───── Data in this exercise ─────

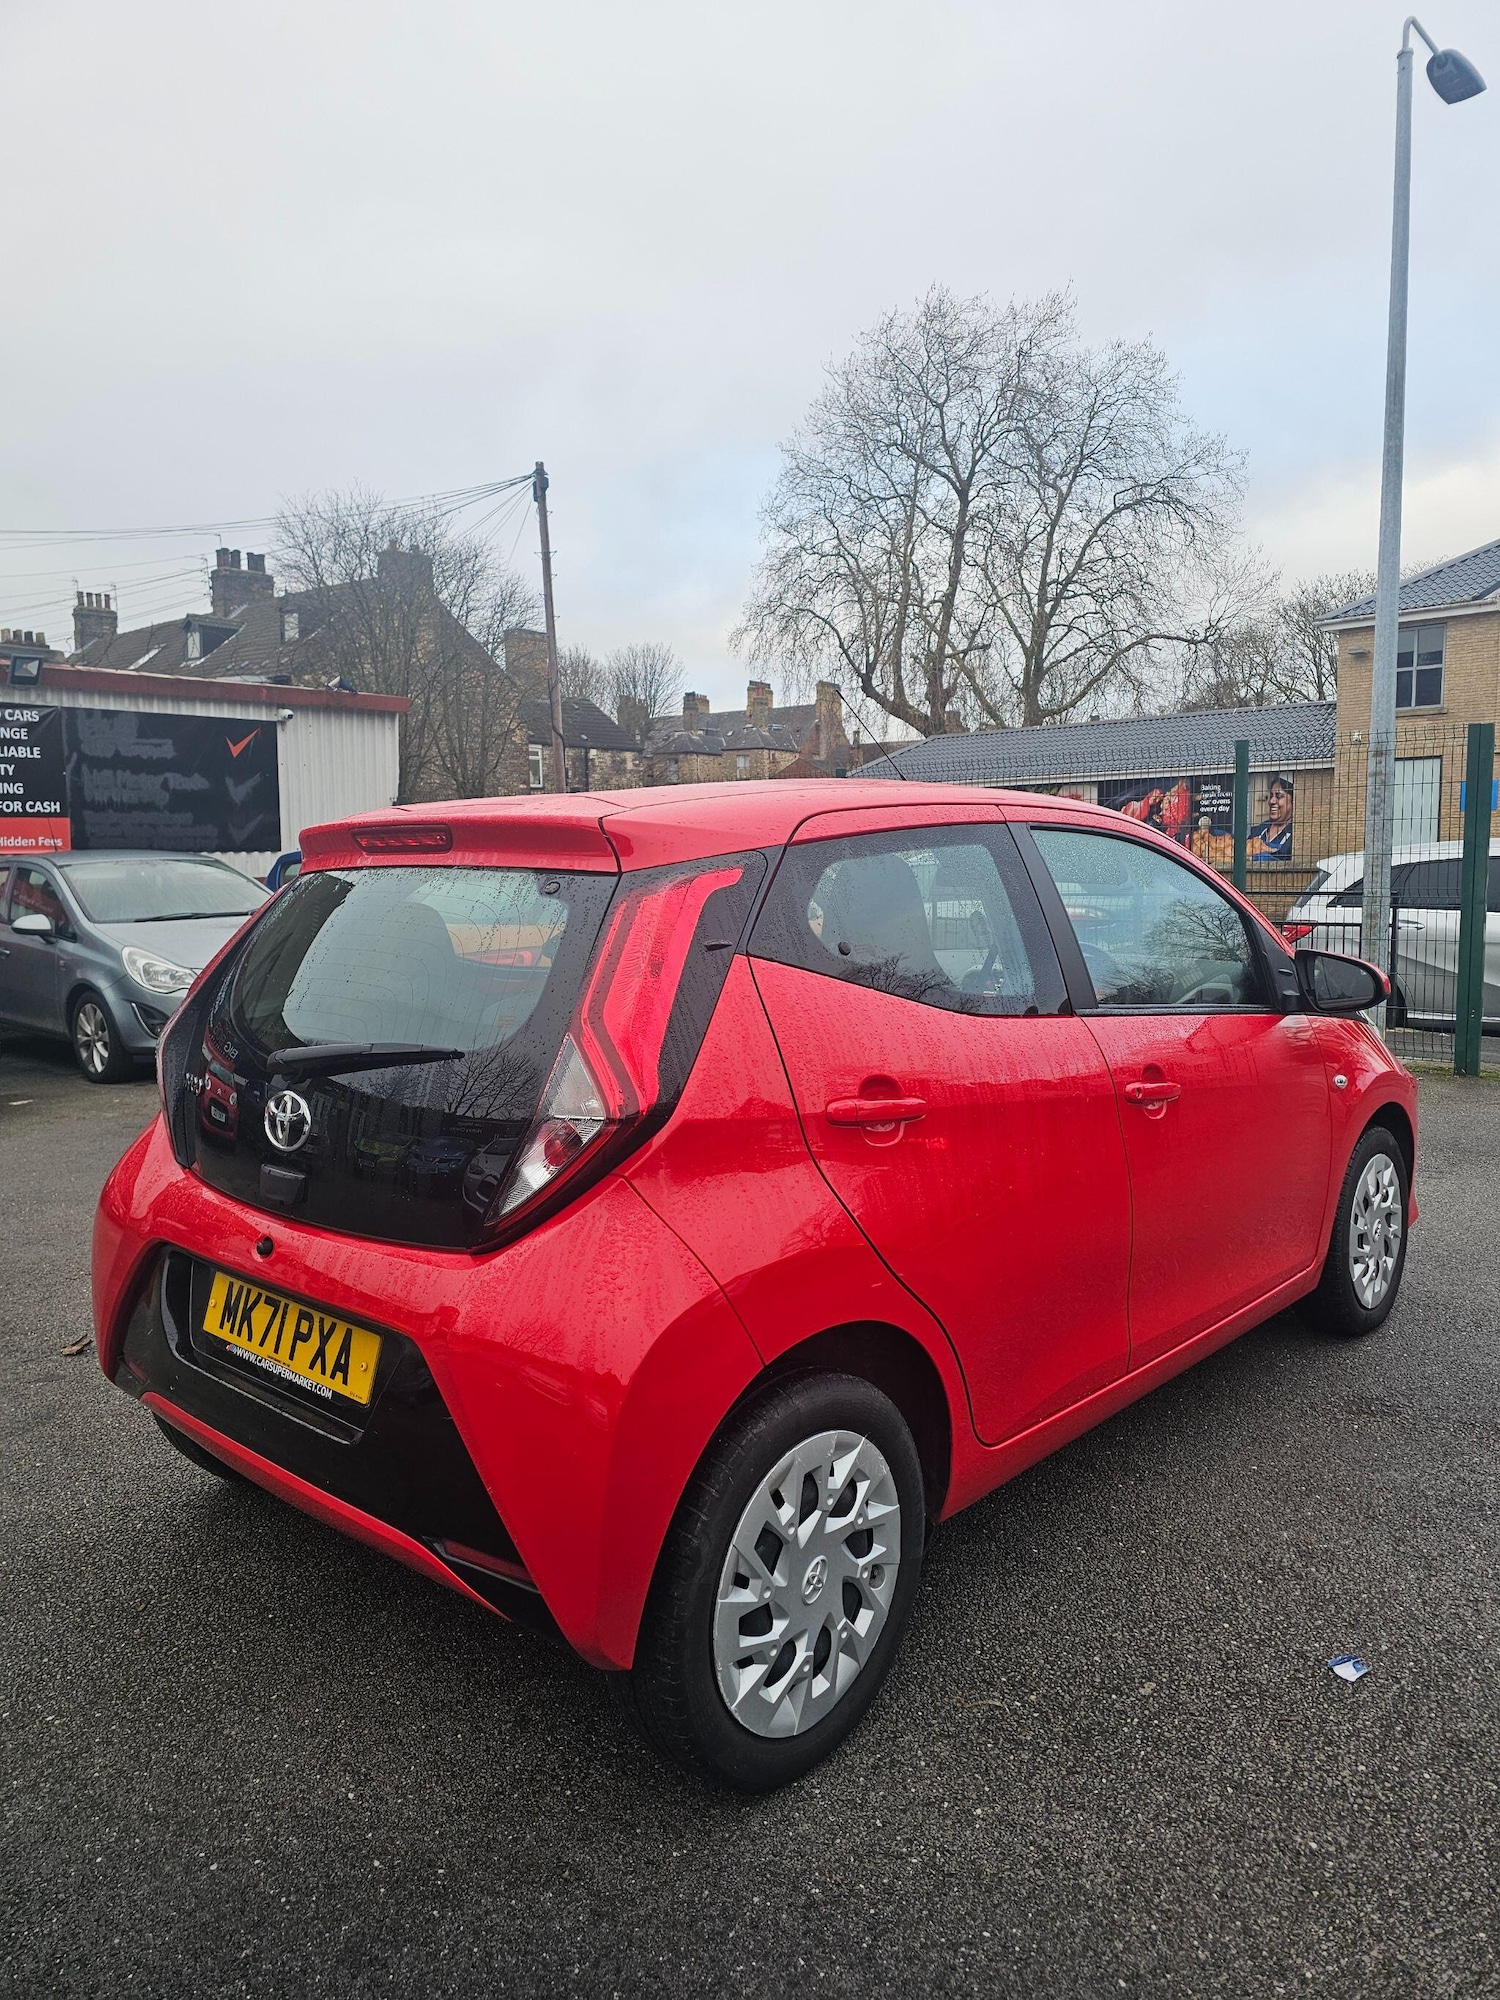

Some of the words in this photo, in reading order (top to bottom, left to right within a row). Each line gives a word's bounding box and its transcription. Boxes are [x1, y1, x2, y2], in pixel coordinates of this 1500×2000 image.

[4, 709, 40, 722] CARS
[0, 727, 29, 740] NGE
[0, 782, 24, 795] ING
[25, 801, 61, 814] CASH
[38, 836, 63, 847] Fees
[219, 1281, 290, 1355] MK71
[288, 1306, 353, 1386] PXA
[235, 1346, 333, 1400] WWW.CARSUPERMARKET.COM
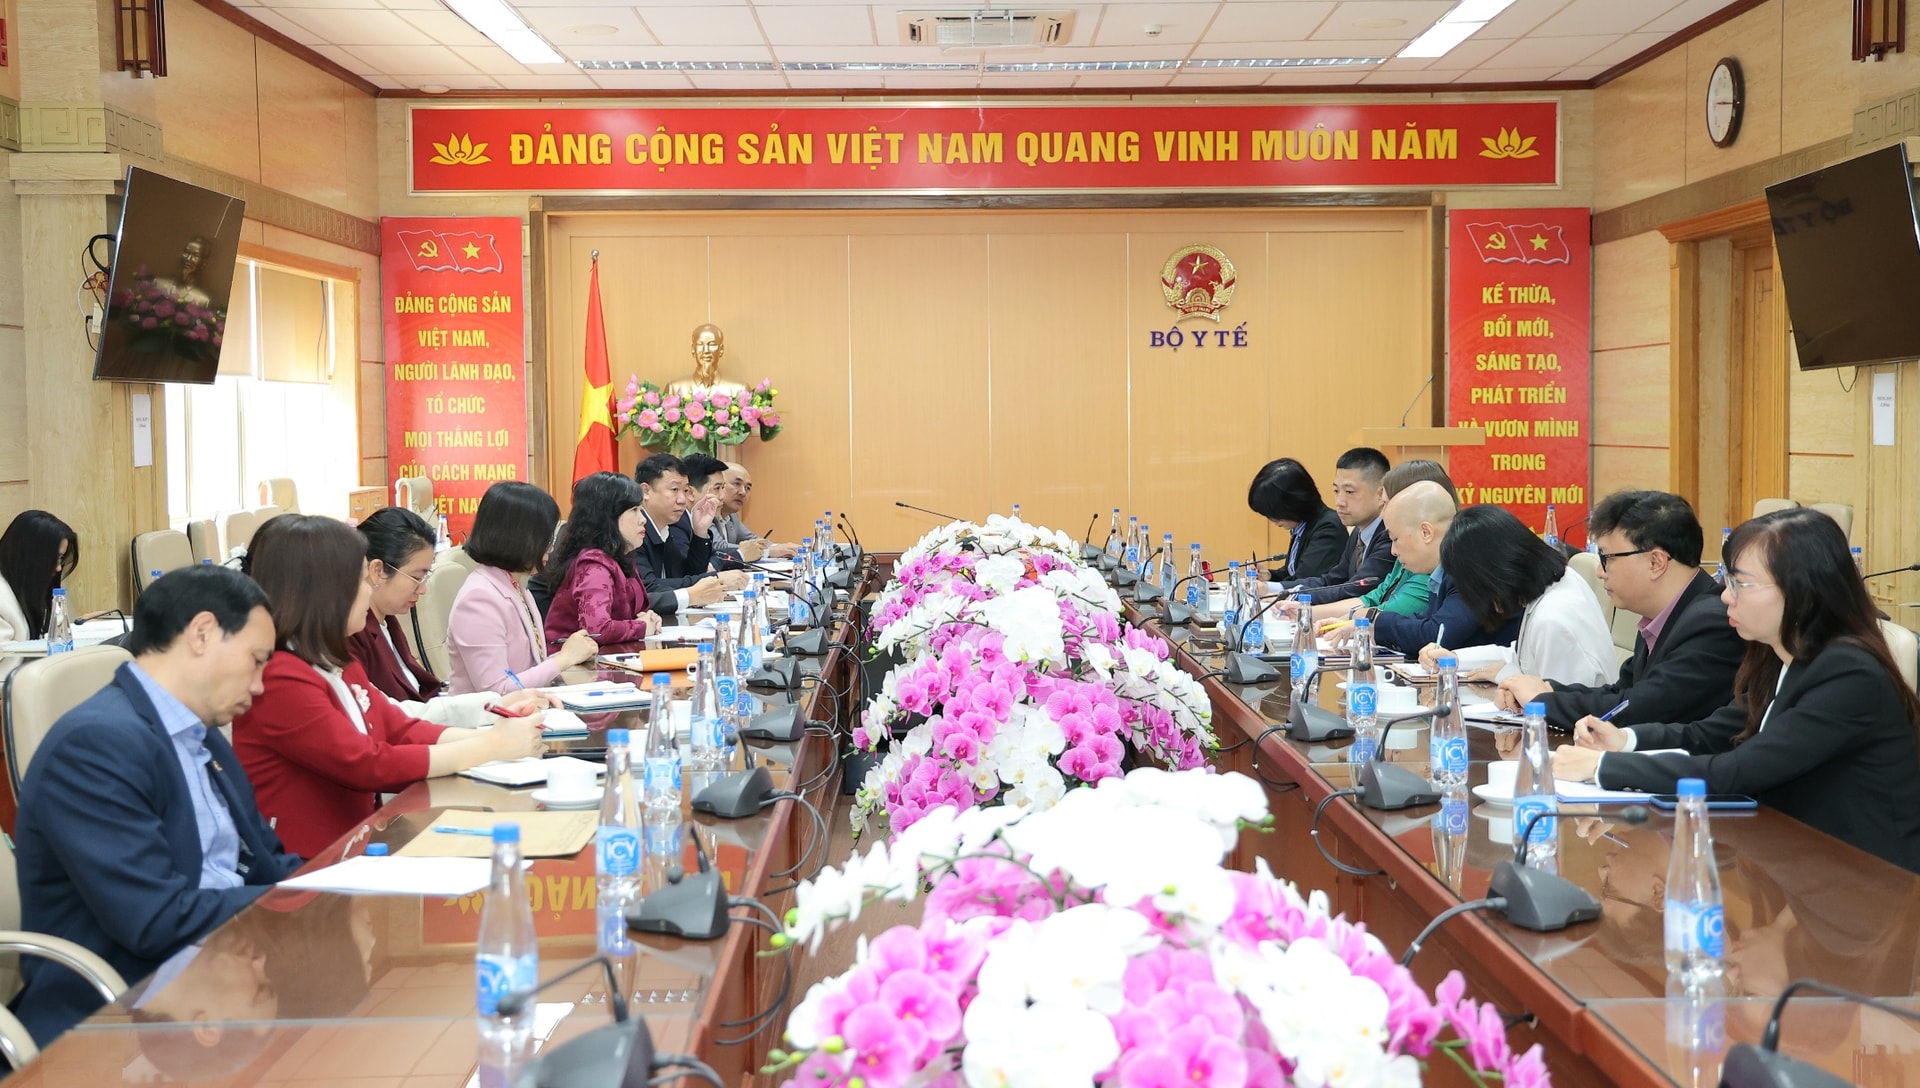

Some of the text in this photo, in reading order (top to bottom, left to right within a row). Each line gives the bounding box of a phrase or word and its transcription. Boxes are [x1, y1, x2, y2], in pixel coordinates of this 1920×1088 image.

[510, 121, 1458, 172] ĐẢNG CỘNG SẢN VIỆT NAM QUANG VINH MUÔN NĂM
[395, 290, 512, 317] ĐẢNG CỘNG SẢN
[1482, 282, 1556, 305] KẾ THỪA,
[1150, 321, 1248, 352] BỘ Y TẾ
[1483, 313, 1555, 339] ĐỔI MỚI,
[418, 327, 490, 351] VIỆT NAM,
[395, 362, 516, 384] NGƯỜI LÃNH ĐẠO,
[1476, 350, 1562, 375] SÁNG TẠO,
[426, 391, 486, 414] TỔ CHỨC
[1471, 380, 1567, 404] PHÁT TRIỂN
[404, 425, 509, 451] MỌI THẮNG LỢI
[1484, 420, 1532, 438] VƯƠN
[1534, 417, 1579, 438] MÌNH
[399, 458, 517, 484] CỦA CÁCH MẠNG
[1491, 453, 1546, 471] TRONG
[1455, 481, 1584, 504] KỶ NGUYÊN MỚI
[458, 497, 482, 514] NA
[1354, 691, 1375, 705] ICY
[1445, 746, 1466, 761] ICY
[606, 839, 638, 860] ICY
[1703, 915, 1724, 938] IC

─────

◆ What is required
Each line from the one containing "Some of the text" through the end of the material must be returned exactly; no other line should appear.

◆ Expected output
Some of the text in this photo, in reading order (top to bottom, left to right within a row). Each line gives the bounding box of a phrase or word and its transcription. Boxes are [x1, y1, x2, y2], in pixel coordinates of this 1920×1088 image.

[510, 121, 1458, 172] ĐẢNG CỘNG SẢN VIỆT NAM QUANG VINH MUÔN NĂM
[395, 290, 512, 317] ĐẢNG CỘNG SẢN
[1482, 282, 1556, 305] KẾ THỪA,
[1150, 321, 1248, 352] BỘ Y TẾ
[1483, 313, 1555, 339] ĐỔI MỚI,
[418, 327, 490, 351] VIỆT NAM,
[395, 362, 516, 384] NGƯỜI LÃNH ĐẠO,
[1476, 350, 1562, 375] SÁNG TẠO,
[426, 391, 486, 414] TỔ CHỨC
[1471, 380, 1567, 404] PHÁT TRIỂN
[404, 425, 509, 451] MỌI THẮNG LỢI
[1484, 420, 1532, 438] VƯƠN
[1534, 417, 1579, 438] MÌNH
[399, 458, 517, 484] CỦA CÁCH MẠNG
[1491, 453, 1546, 471] TRONG
[1455, 481, 1584, 504] KỶ NGUYÊN MỚI
[458, 497, 482, 514] NA
[1354, 691, 1375, 705] ICY
[1445, 746, 1466, 761] ICY
[606, 839, 638, 860] ICY
[1703, 915, 1724, 938] IC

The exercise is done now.